- **Problem**:
Each entry is to be reproduced verbatim, and images are to be omitted.
________________________________________
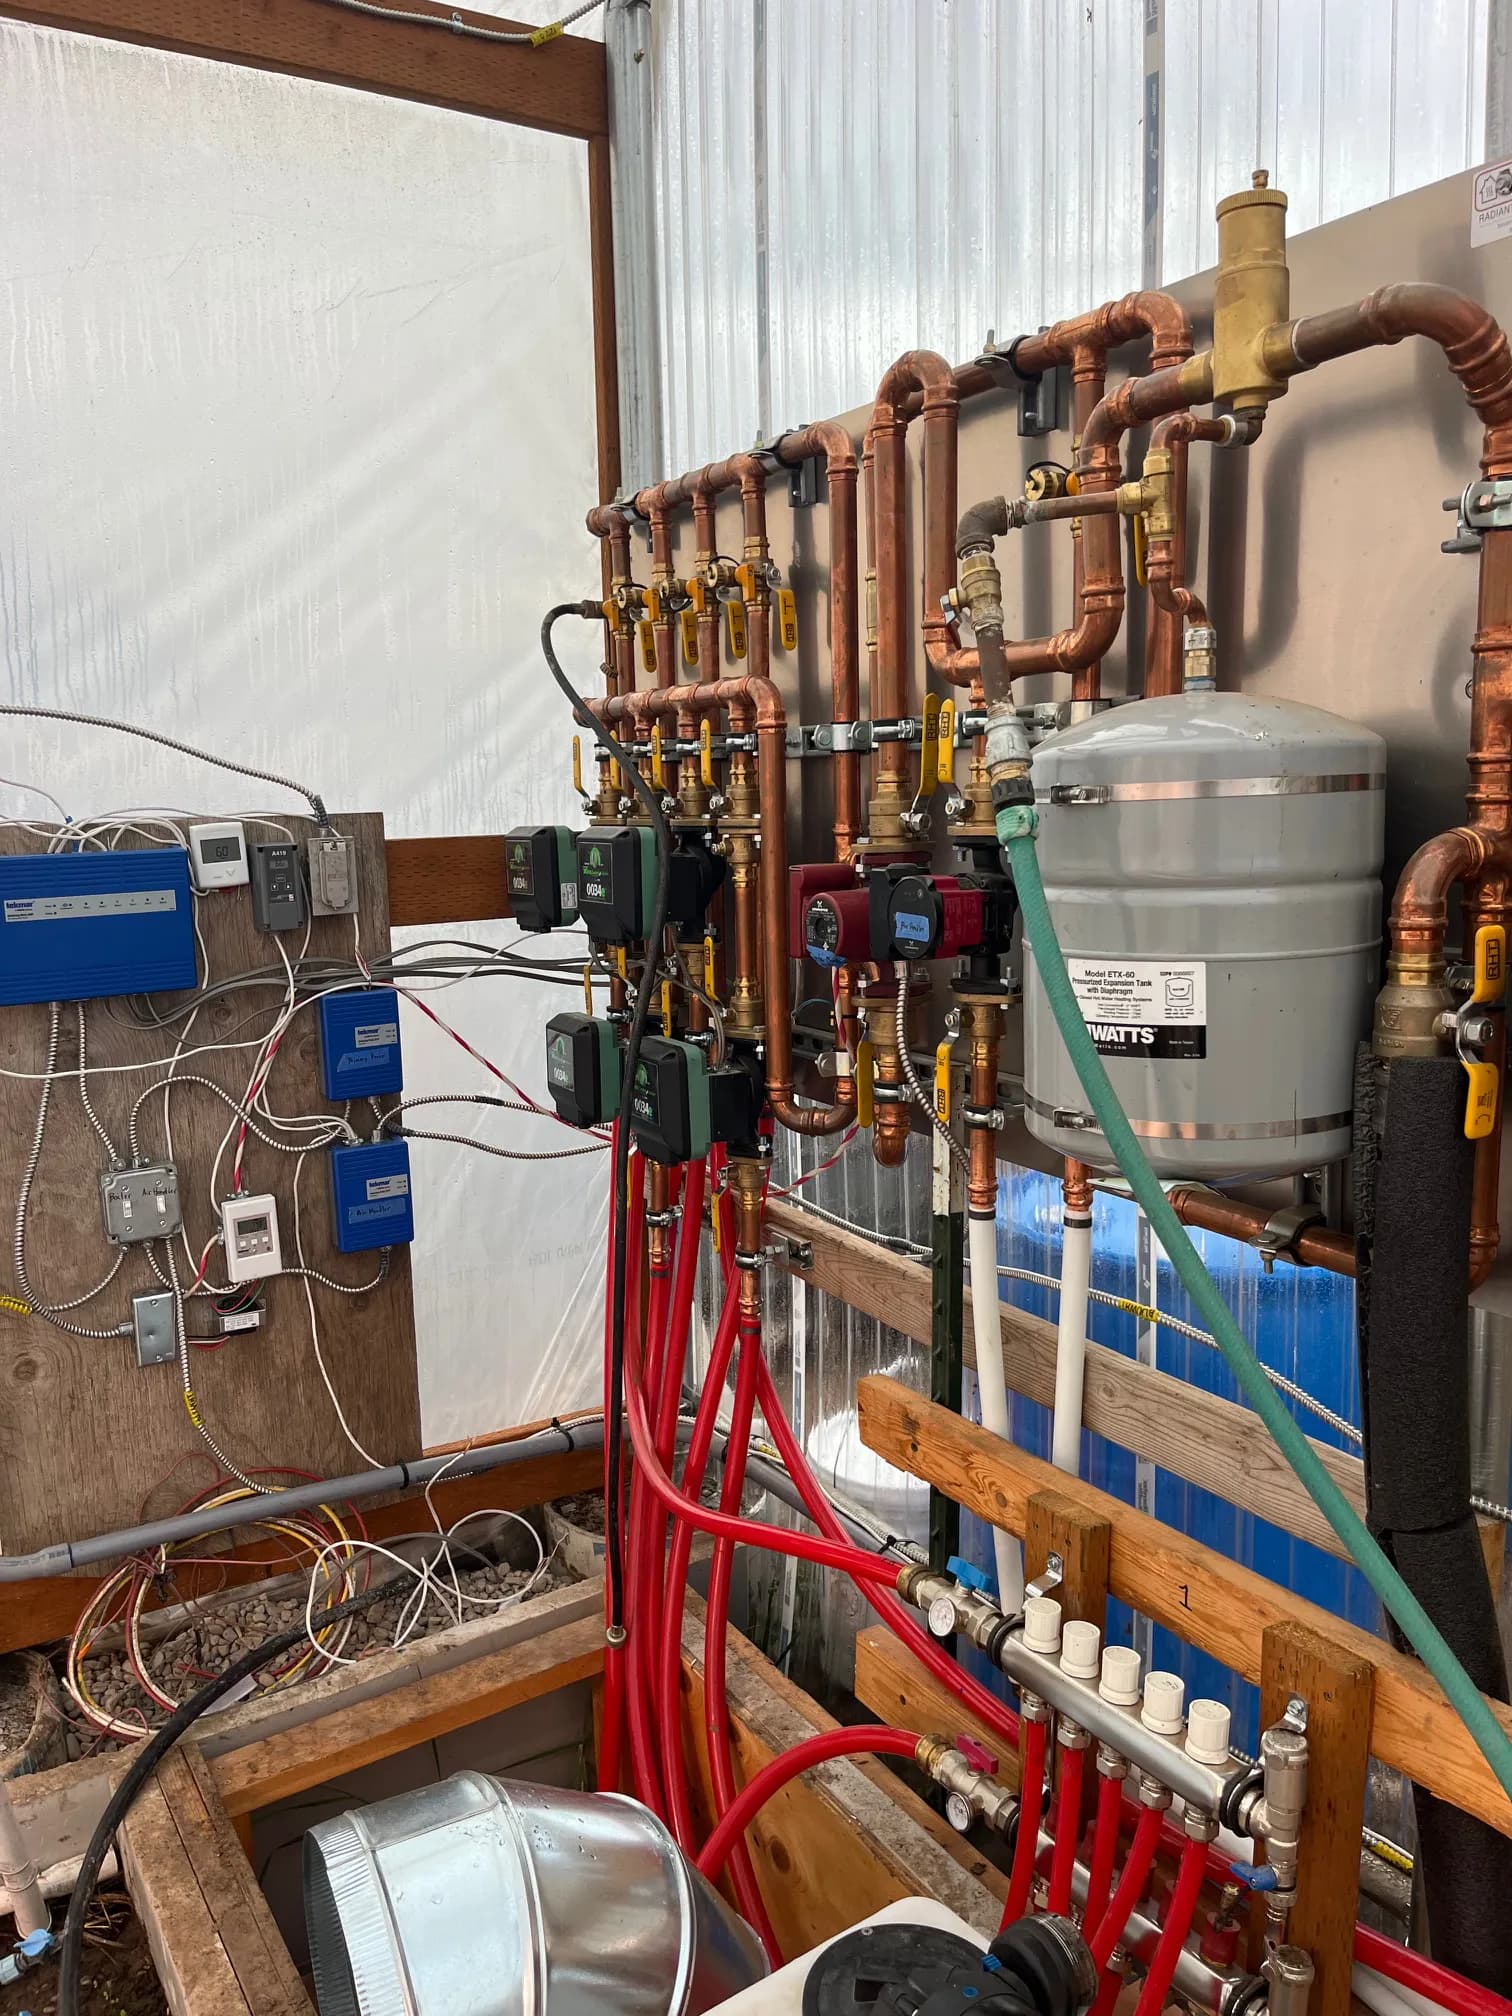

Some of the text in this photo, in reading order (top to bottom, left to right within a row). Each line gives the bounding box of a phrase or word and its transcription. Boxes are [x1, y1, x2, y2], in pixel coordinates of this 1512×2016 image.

[215, 846, 229, 857] 60
[1487, 940, 1499, 979] RHT
[1084, 970, 1135, 979] Model ETX-60
[1103, 979, 1134, 987] Expansion
[1100, 987, 1133, 996] Diaphragm
[1178, 1584, 1193, 1612] 1
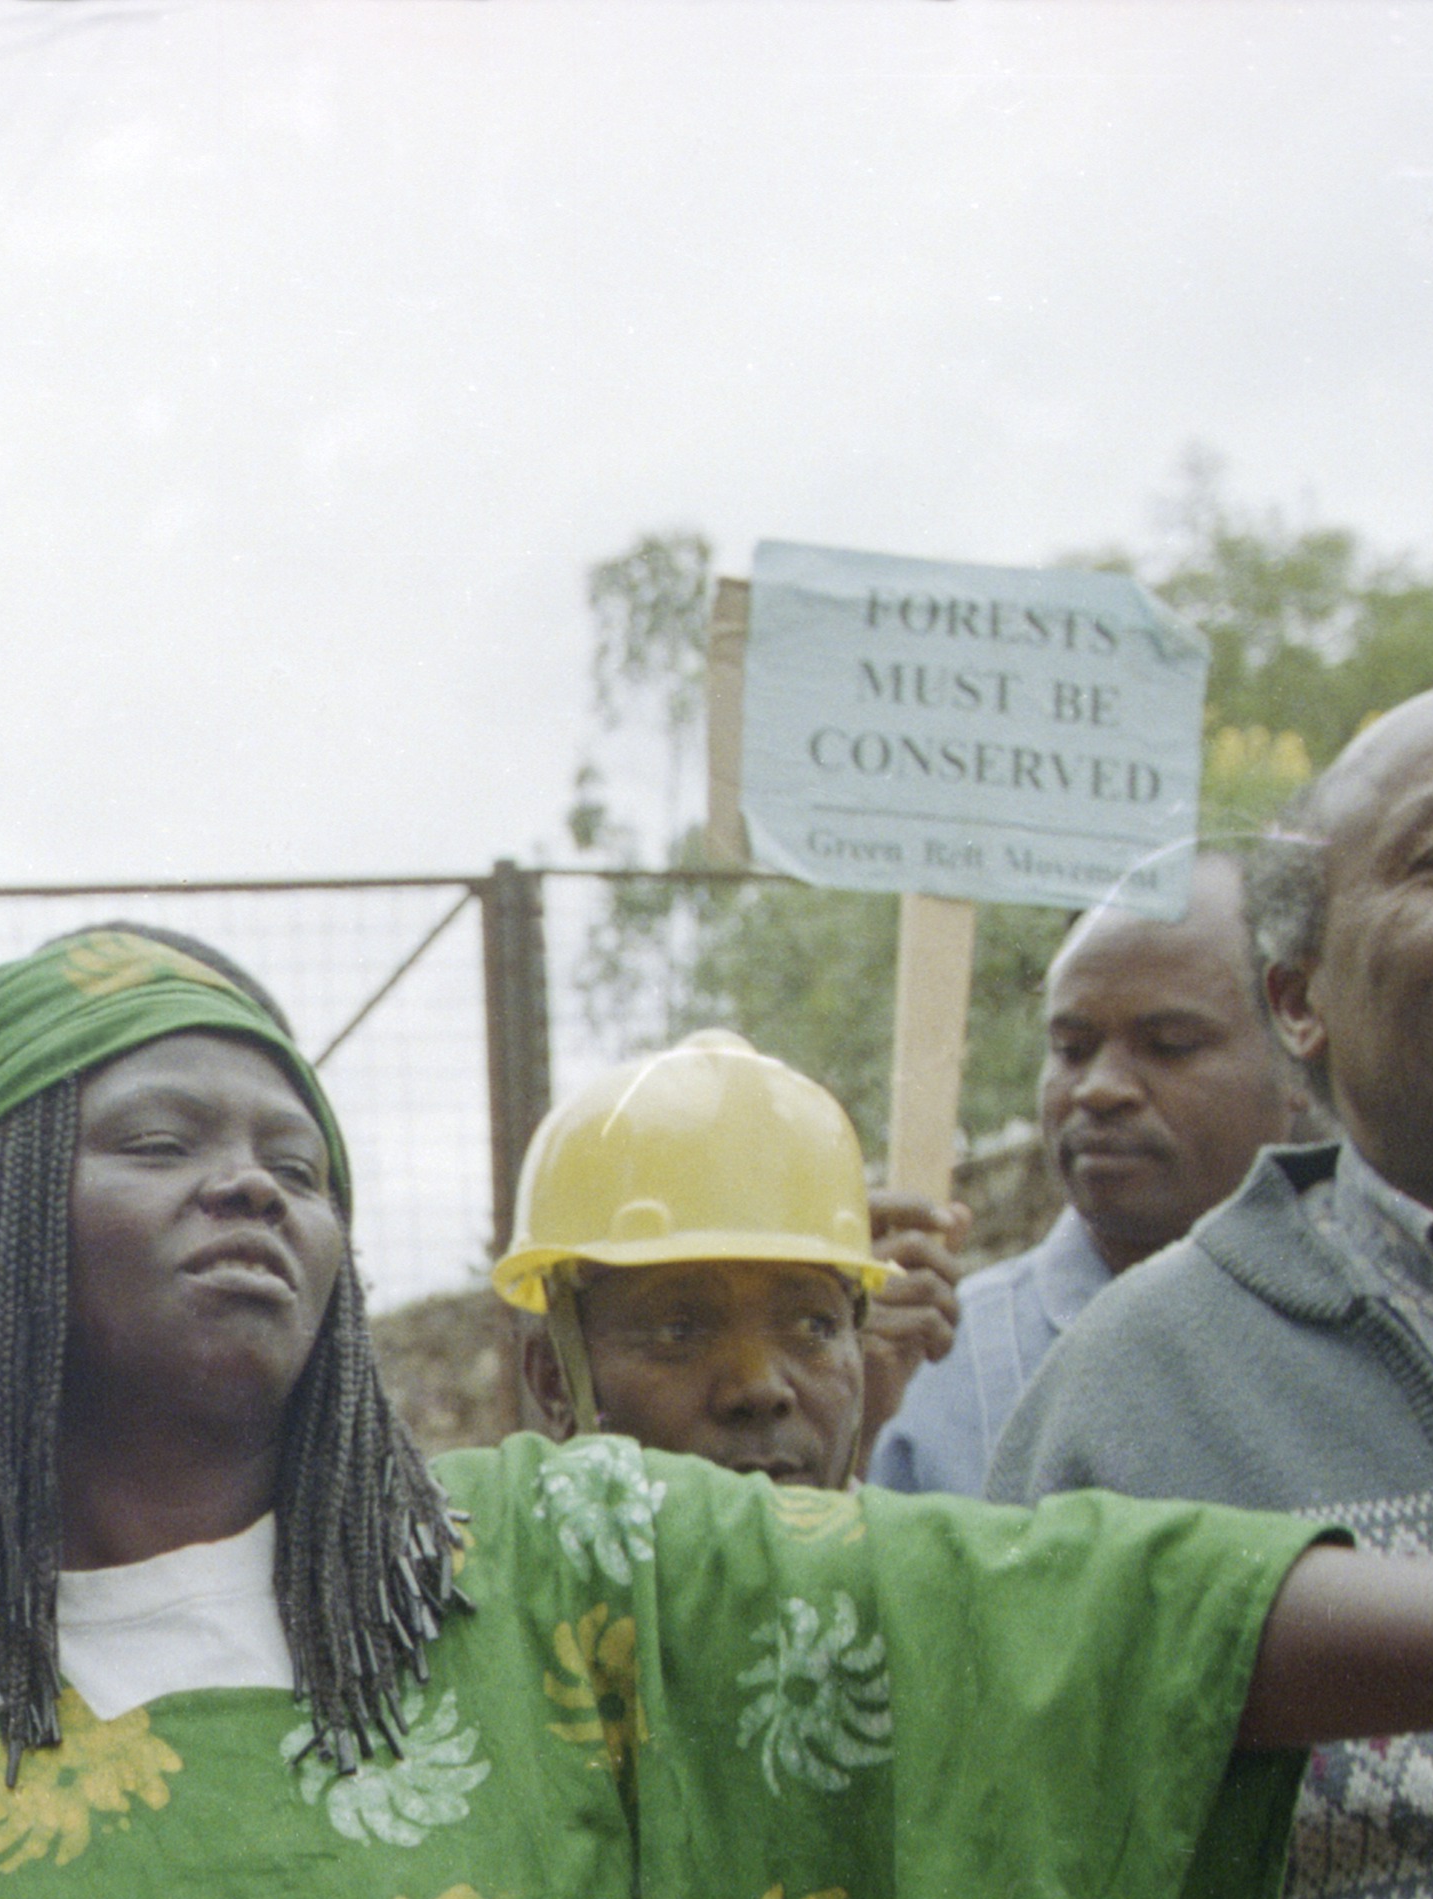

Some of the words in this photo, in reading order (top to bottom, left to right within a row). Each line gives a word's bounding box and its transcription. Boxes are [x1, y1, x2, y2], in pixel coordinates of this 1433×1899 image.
________________________________________
- **Task output**:
Some of the text in this photo, in reading order (top to bottom, left to right within a row). Each line gives the bounding box of a phrase or word and its transcription. Boxes are [x1, y1, x2, y2], in pixel coordinates of this 1512×2016 image.

[215, 846, 229, 857] 60
[1487, 940, 1499, 979] RHT
[1084, 970, 1135, 979] Model ETX-60
[1103, 979, 1134, 987] Expansion
[1100, 987, 1133, 996] Diaphragm
[1178, 1584, 1193, 1612] 1

Some of the words in this photo, in reading order (top to bottom, left to right within a row). Each line gives a word's bounding box and its transcription. Boxes are [x1, y1, x2, y2], in pixel coordinates of this 1433×1899 image.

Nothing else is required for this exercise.